No pictures should be carried over. Output all other parts of the entries verbatim.
PROVIDED RECORDS START
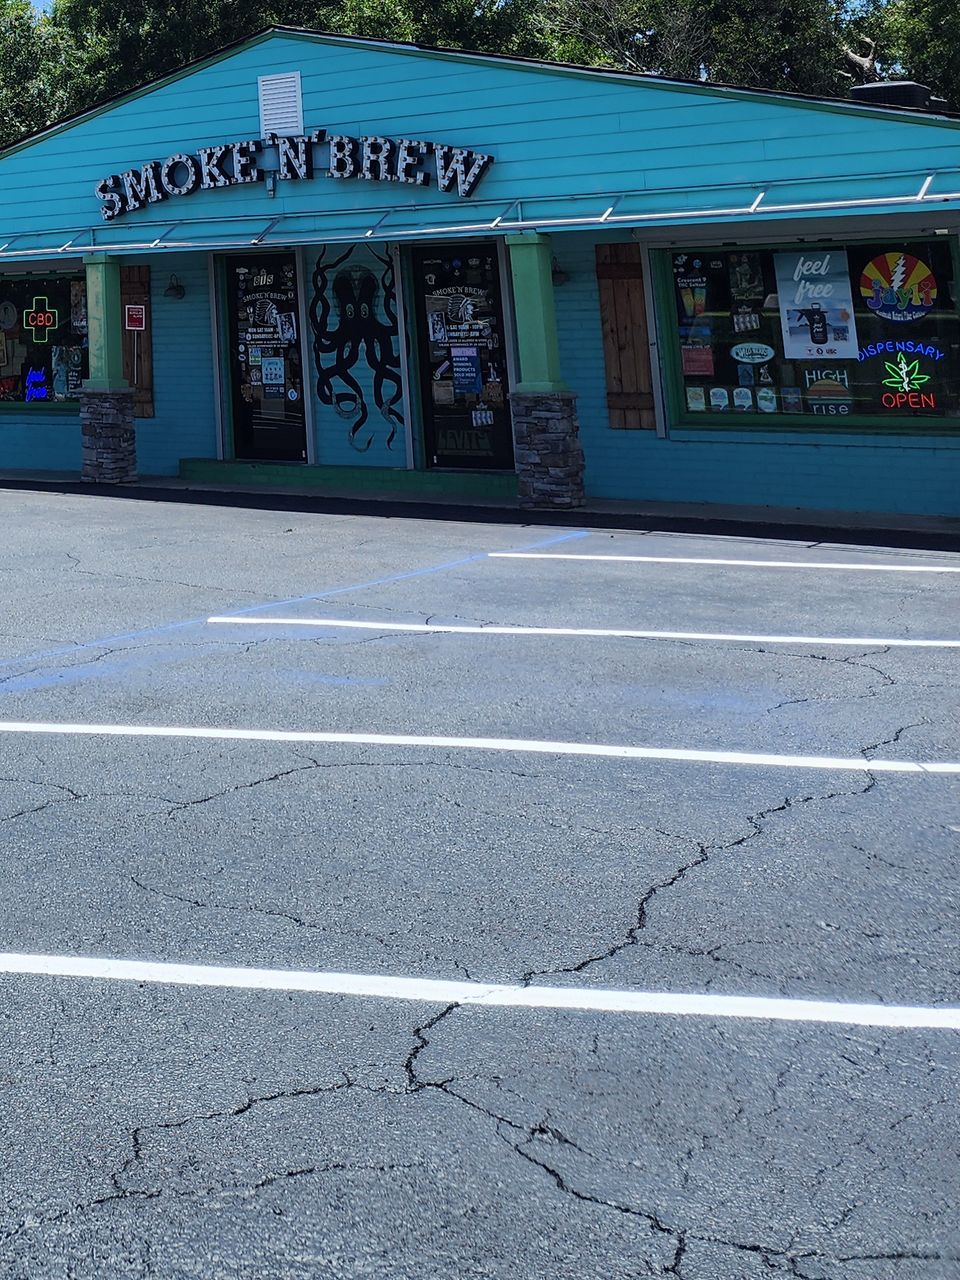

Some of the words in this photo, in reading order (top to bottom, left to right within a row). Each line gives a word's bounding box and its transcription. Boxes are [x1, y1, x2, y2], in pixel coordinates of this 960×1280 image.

[94, 139, 264, 221] SMOKE
[327, 135, 495, 199] BREW
[793, 254, 831, 282] feel
[793, 279, 833, 305] free
[28, 313, 54, 326] CBD
[857, 341, 945, 363] DISPENSARY
[805, 369, 849, 389] HIGH
[813, 403, 849, 415] rise
[881, 392, 936, 409] OPEN
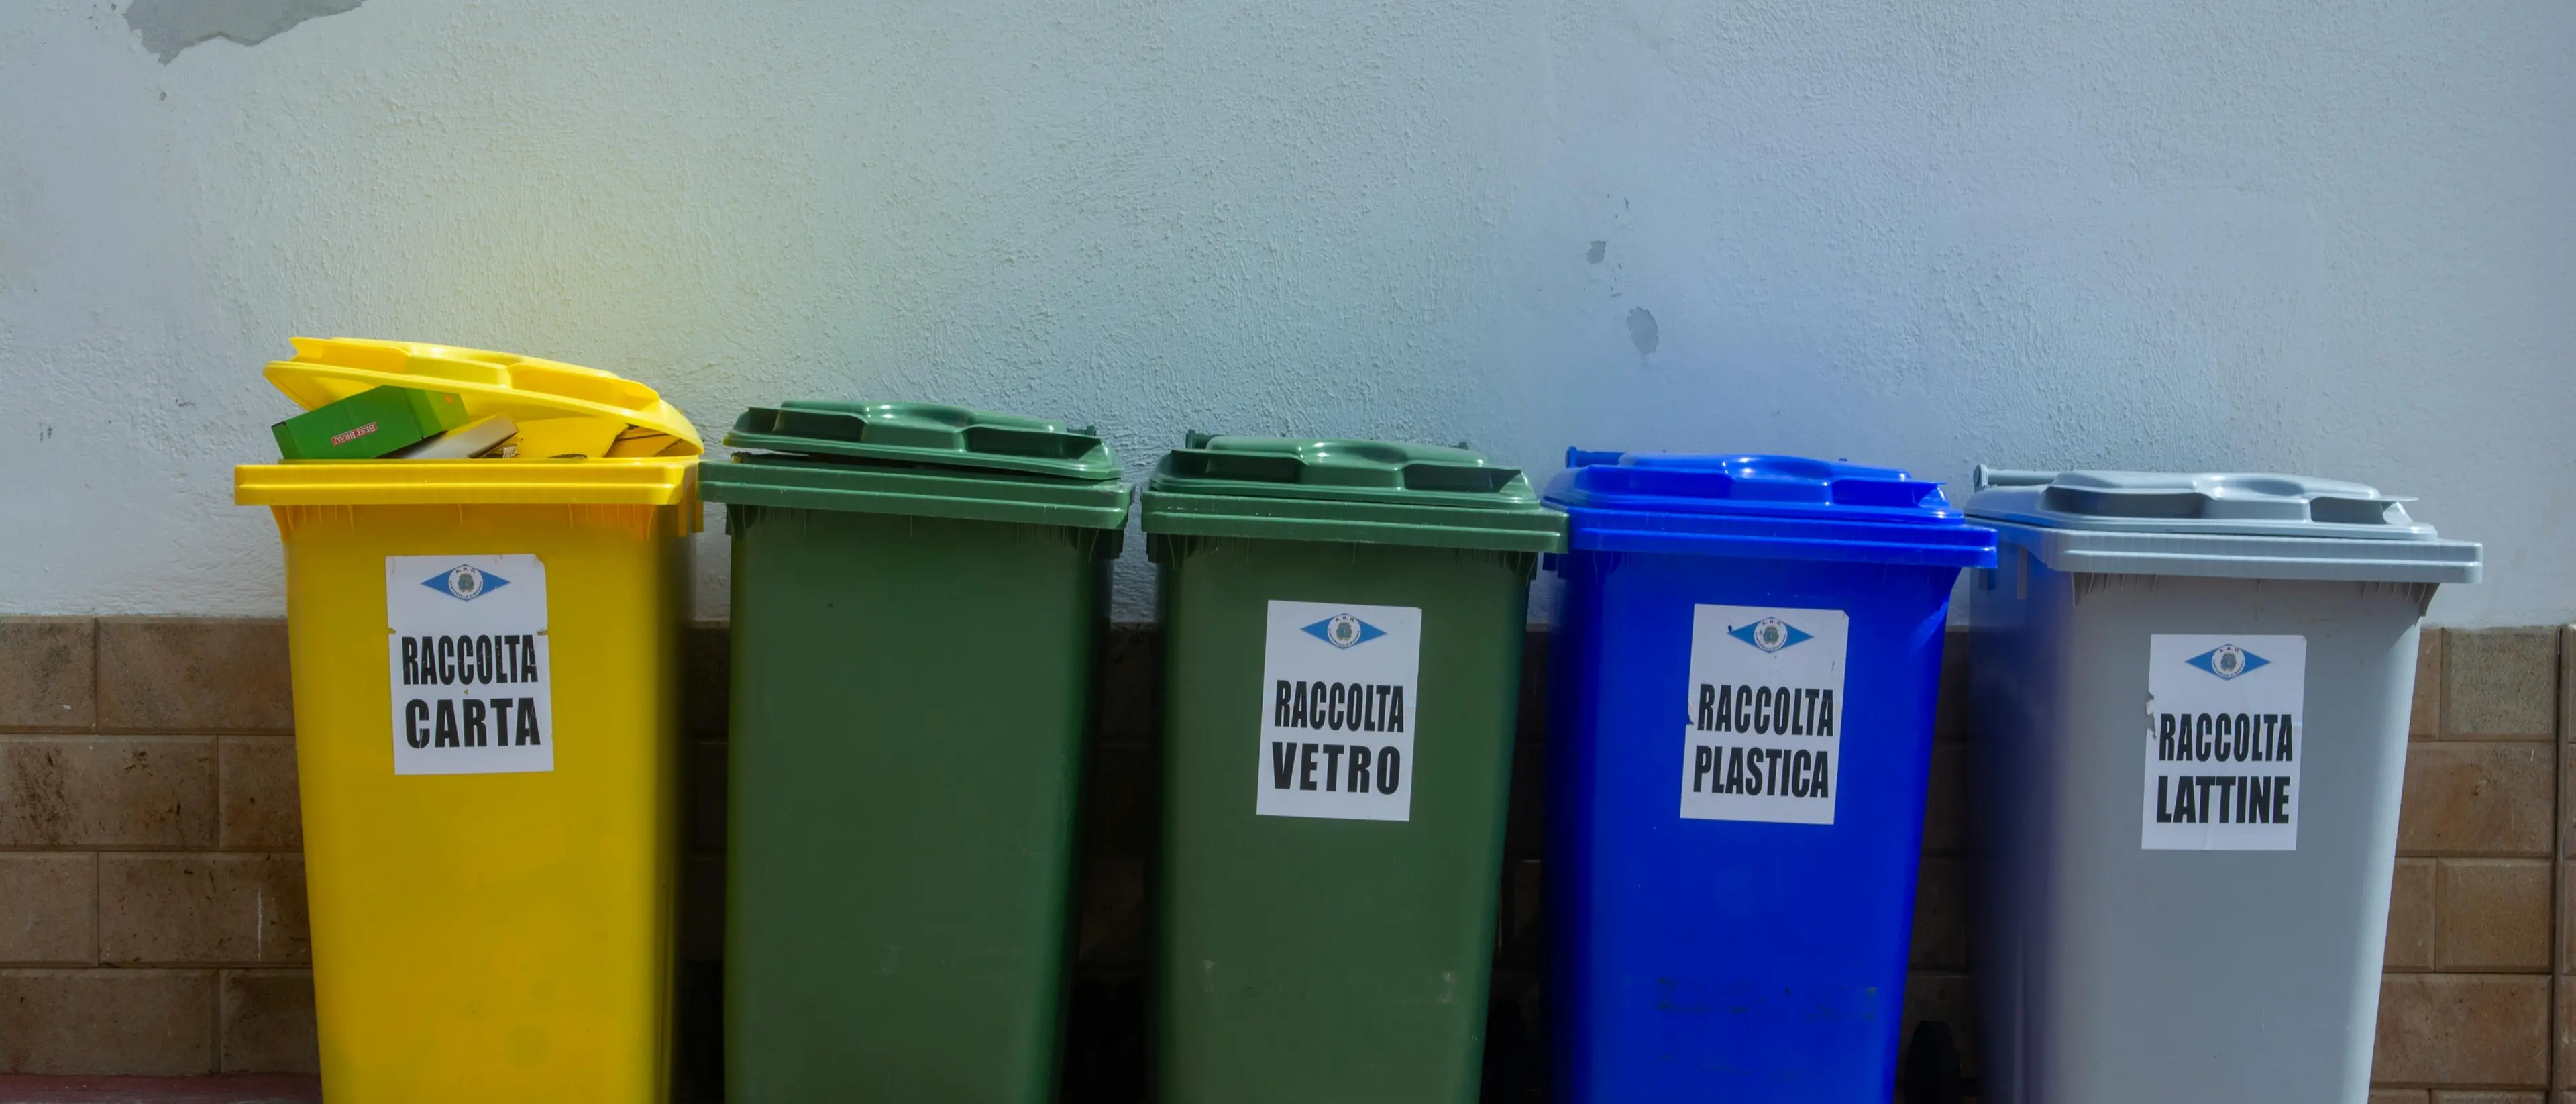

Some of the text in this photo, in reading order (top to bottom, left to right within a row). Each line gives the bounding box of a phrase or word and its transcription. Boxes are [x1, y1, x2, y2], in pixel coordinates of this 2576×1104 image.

[357, 424, 376, 436] BEST
[402, 634, 539, 685] RACCOLTA
[405, 697, 541, 749] CARTA
[1274, 679, 1404, 733] RACCOLTA
[1697, 683, 1833, 736] RACCOLTA
[2159, 713, 2293, 762] RACCOLTA
[1272, 741, 1401, 795] VETRO
[1693, 745, 1829, 798] PLASTICA
[2156, 775, 2290, 824] LATTINE
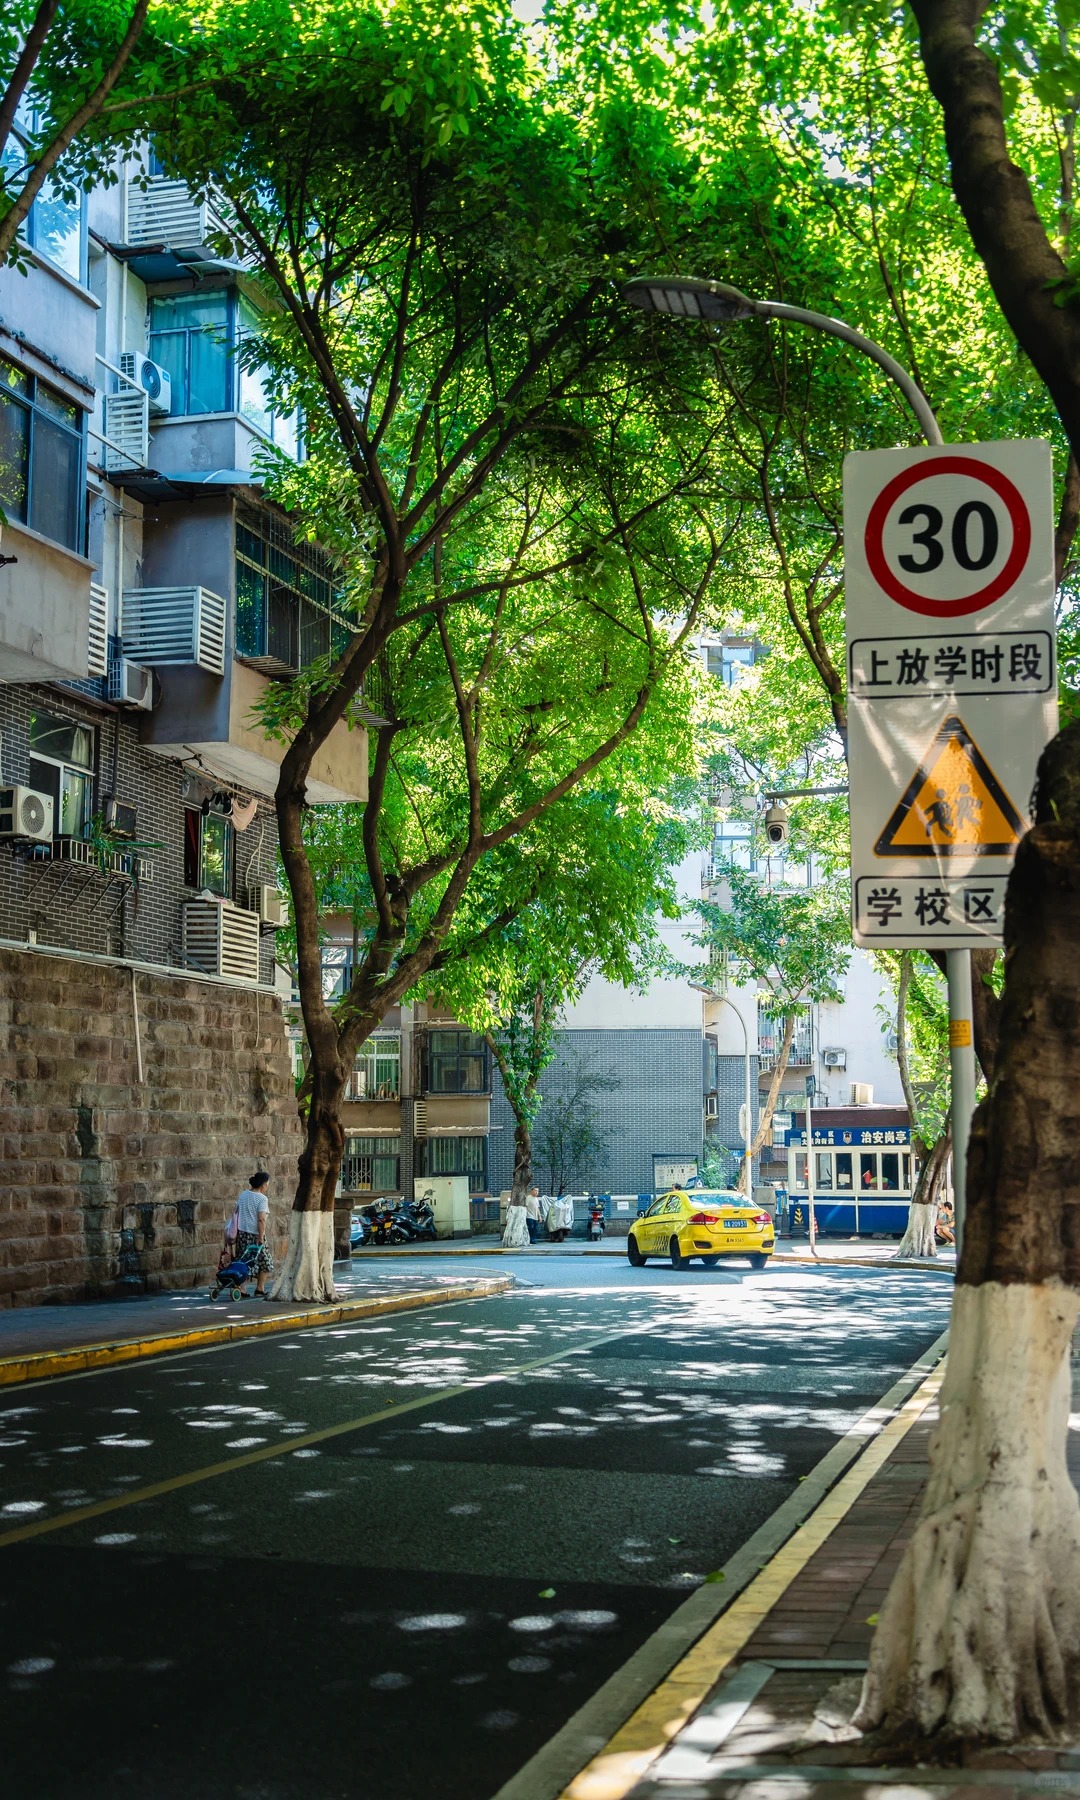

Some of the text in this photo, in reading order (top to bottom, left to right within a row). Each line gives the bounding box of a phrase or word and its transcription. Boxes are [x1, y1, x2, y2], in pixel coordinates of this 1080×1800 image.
PROVIDED RECORDS END
__PROBLEM SOLUTION__
Some of the words in this photo, in reading order (top to bottom, left to right within a row). Each line gives a word's bounding box and its transcription. Boxes are [x1, y1, x2, y2], in pixel coordinates of this 960×1280 image.

[94, 139, 264, 221] SMOKE
[327, 135, 495, 199] BREW
[793, 254, 831, 282] feel
[793, 279, 833, 305] free
[28, 313, 54, 326] CBD
[857, 341, 945, 363] DISPENSARY
[805, 369, 849, 389] HIGH
[813, 403, 849, 415] rise
[881, 392, 936, 409] OPEN

Some of the text in this photo, in reading order (top to bottom, left to right within a row). Each line gives the bounding box of a phrase or word and its transcription. Boxes are [x1, y1, x2, y2], in pixel coordinates of this 2576×1104 image.

[357, 424, 376, 436] BEST
[402, 634, 539, 685] RACCOLTA
[405, 697, 541, 749] CARTA
[1274, 679, 1404, 733] RACCOLTA
[1697, 683, 1833, 736] RACCOLTA
[2159, 713, 2293, 762] RACCOLTA
[1272, 741, 1401, 795] VETRO
[1693, 745, 1829, 798] PLASTICA
[2156, 775, 2290, 824] LATTINE

Some of the text in this photo, in reading order (top to bottom, left to right within a row). Each line gives the bounding box of a phrase or word and its transcription. Boxes are [x1, y1, x2, y2], in pixel coordinates of this 1080×1800 image.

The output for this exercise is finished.